Artist Profiles

Erik Darling

// Author & Folk Musician

ERIK DARLING is an author and folk musician now living in Chapel Hill, North Carolina. His hit record bands include The Rooftop Singers (“Walk Right In”); The Tarriers (“Banana Boat Song”); and The Weavers (“Goodnight, Irene”). His solo recordings “True Religion” (1961), “Child, Child” (2000), “Erik Darling (Self-Titled)” (2006), and “Revenge Of The Christmas Tree” (2006) are all available online, and he has been a featured musician for over thirty LPs. Erik Darling’s auto biography “I’d Give My Life!: A Journey By Folk Music” (2008) will be available from Science and Behavior Books.

Photo: Morio Kihara

Interview:

The sum total of all that one is, at any given moment in time, has an emotional tone, a spiritual sum, if you will, made up from all he or she has gone through since birth, and music can speak to that whole. It can help one feel seen and affirmed, from the core of their being. The only thing is, we depend on the state of our being, on the state of our soul, and music can speak to some part of our being that needs to be held, or encouraged, or even invented so that we can remain secure in ourselves. Beyond the mundane, is where music takes place; beyond the math of your checkbook, listing your groceries, and doing your laundry. Music can resonate to why it’s worth being alive. The way in which a musician can play, their touch, or the excellence of their mastery can viscerally remind you of what it might mean to be human, and that you are human; and because music goes under the skin, so to speak, to the core of your being, music can cause us dis-ease, disintegration, and even depression. Not all music lives up to the number of notes it has used, and often is not worth hearing, quite simply because it is of the spirit. For one thing, it can bore you to death.

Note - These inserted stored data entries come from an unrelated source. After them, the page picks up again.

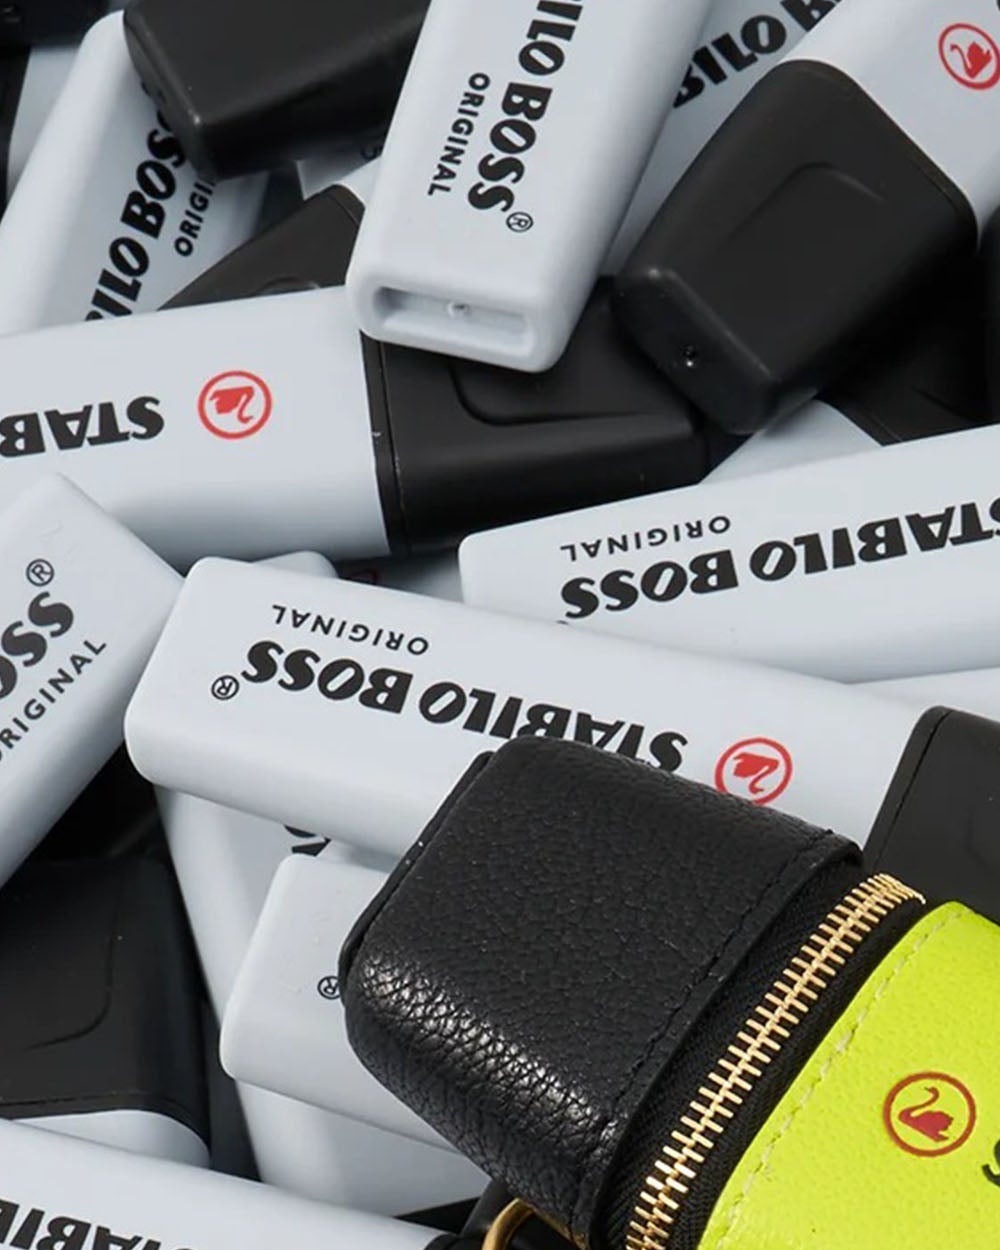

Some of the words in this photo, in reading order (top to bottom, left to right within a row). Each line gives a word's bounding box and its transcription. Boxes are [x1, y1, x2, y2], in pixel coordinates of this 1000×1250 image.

[120, 109, 187, 239] BOS
[427, 72, 491, 196] ORIGINAL
[559, 514, 731, 562] ORIGINAL
[271, 603, 430, 657] ORIGINAL
[0, 639, 107, 762] RIGINAL

To perform it is different, because you go to a place where you are out on the edge, where you trust the unconscious to be able to create what was not there before, and will not be again in the same exact way. You pay attention to how it all lives in the moment, while giving and sharing the essence of you, as you tangle its pieces together. All in one musical moment, be it a song or the length of a symphony, music can speak to the struggle, the discord, and discomfort we’ve born, the transcendence, acceptance, and sense of self-worth we’ve achieved, having made it to now. Music can keep us from suicide. If religion could honor mankind, instead of bringing him shame, degradation, and bloodbath, it might come up to the spiritual value of music. In the realm of everyday human experience, music may be the lead process of what one could call God, or the creation of life after birth. On second thought, the study of our inner and outer relationships might be the lead, but that still needs its own accompaniment, and its visceral reminder of why it’s all worth it.

“Music can resonate to why it’s worth being alive.”
– Erik Darling, author of “I’d Give My Life!: A Journey By Folk Music”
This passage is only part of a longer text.